En ces lieux, « il y a plus d’un siècle », se tenait l’école normale d’instituteurs de Moulins-sur-Allier. Mickaël Bellec convoque le passé avec une certaine fierté, lui qui a pris la relève en tant que directeur délégué de l’institut national supérieur du professorat et de l’éducation (Inspé) Clermont-Auvergne. La formation au métier d’enseignant est l’une des rares offres d’enseignement supérieur dans cette ville de 20 000 habitants, dans le nord de l’Auvergne.

Dans l’académie, le site de Moulins se distingue de ceux de Chamalières (Puy-de-Dôme), d’Aurillac et du Puy-en-Velay : il est le seul à proposer un parcours préparatoire au professorat des écoles, le « PPPE », dont la formation se déroule en partie dans un lycée et en partie à l’Inspé, assurée par une équipe mixte de formateurs issus de l’enseignement secondaire et de l’université. Objectif : obtenir une licence pluridisciplinaire, prolongée par un master « métiers de l’enseignement, de l’éducation et de la formation » (MEEF) qui amène, deux ans plus tard, au concours de recrutement.
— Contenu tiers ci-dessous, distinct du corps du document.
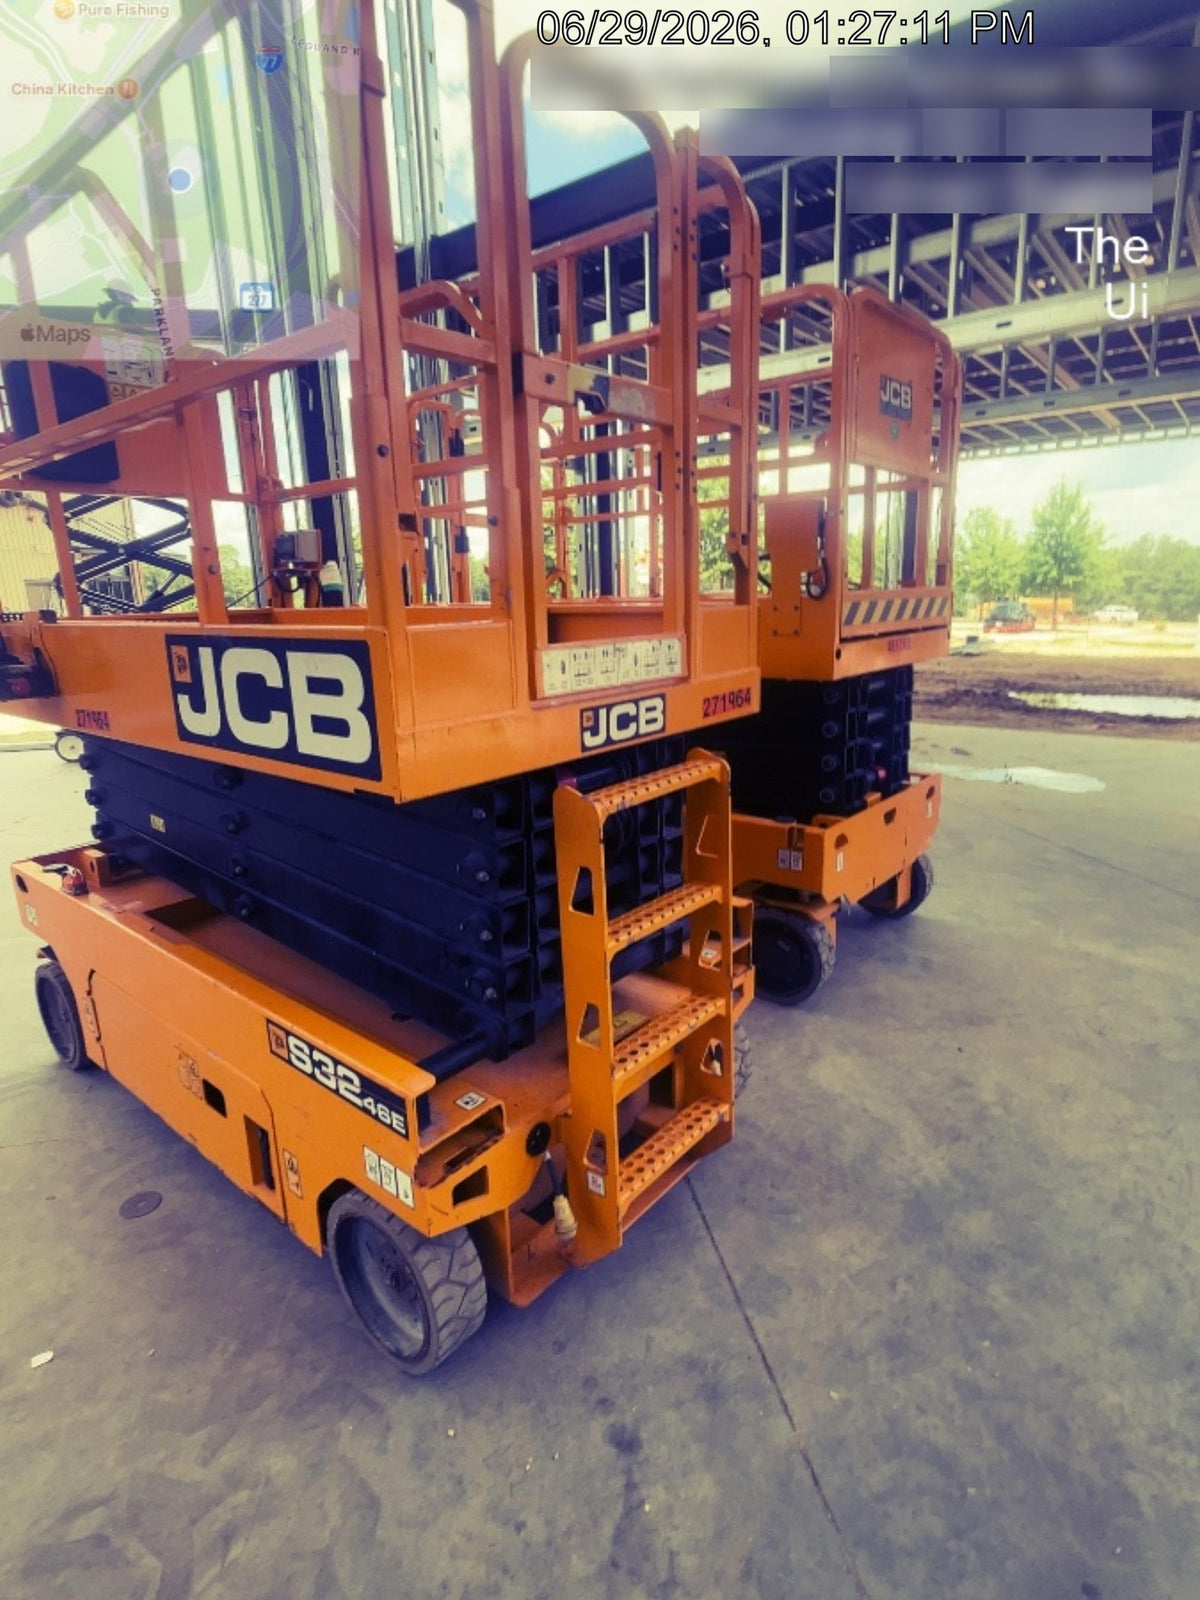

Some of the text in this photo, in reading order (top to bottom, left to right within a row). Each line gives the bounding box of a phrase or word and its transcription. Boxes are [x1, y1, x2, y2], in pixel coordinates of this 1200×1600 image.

[881, 377, 911, 411] JCB
[176, 646, 373, 764] JCB
[582, 696, 665, 748] JCB
[703, 688, 751, 718] 271964
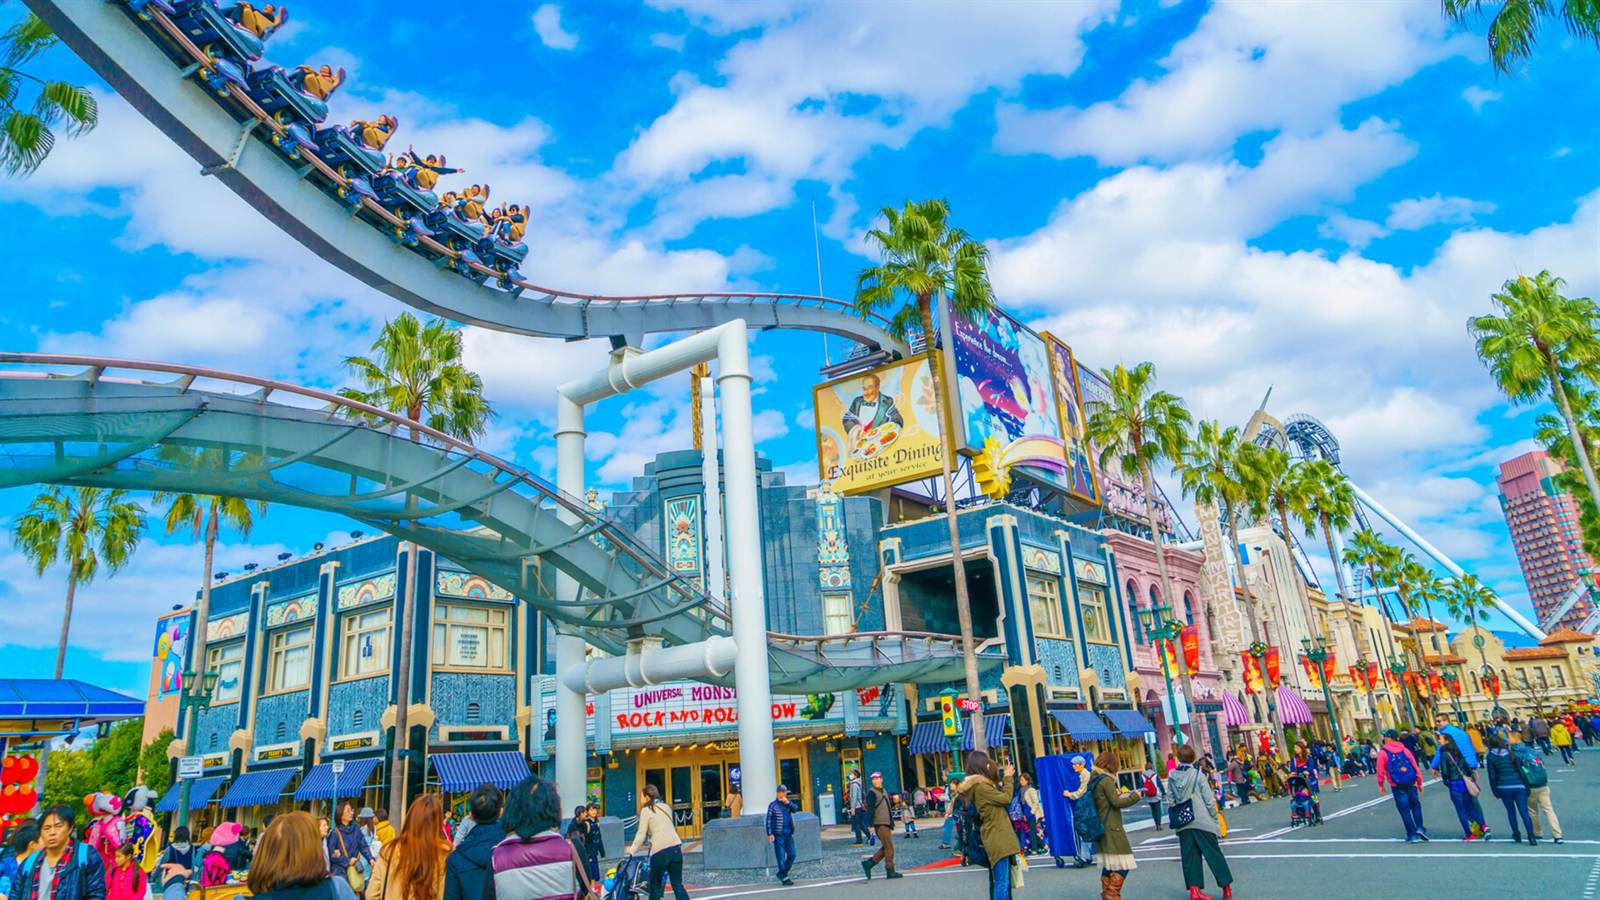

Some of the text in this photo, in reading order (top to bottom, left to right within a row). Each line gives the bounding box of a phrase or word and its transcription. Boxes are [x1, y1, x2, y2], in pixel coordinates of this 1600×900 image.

Sauf que cette innovation, lancée en 2022, n’ira pas à son terme. Elle est percutée par la réforme de la formation des enseignants, qui avance de deux ans la date du concours : les étudiants en troisième année du parcours préparatoire devront se jeter à l’eau sans attendre d’avoir obtenu leur diplôme de master, et passer les épreuves dès le printemps 2026.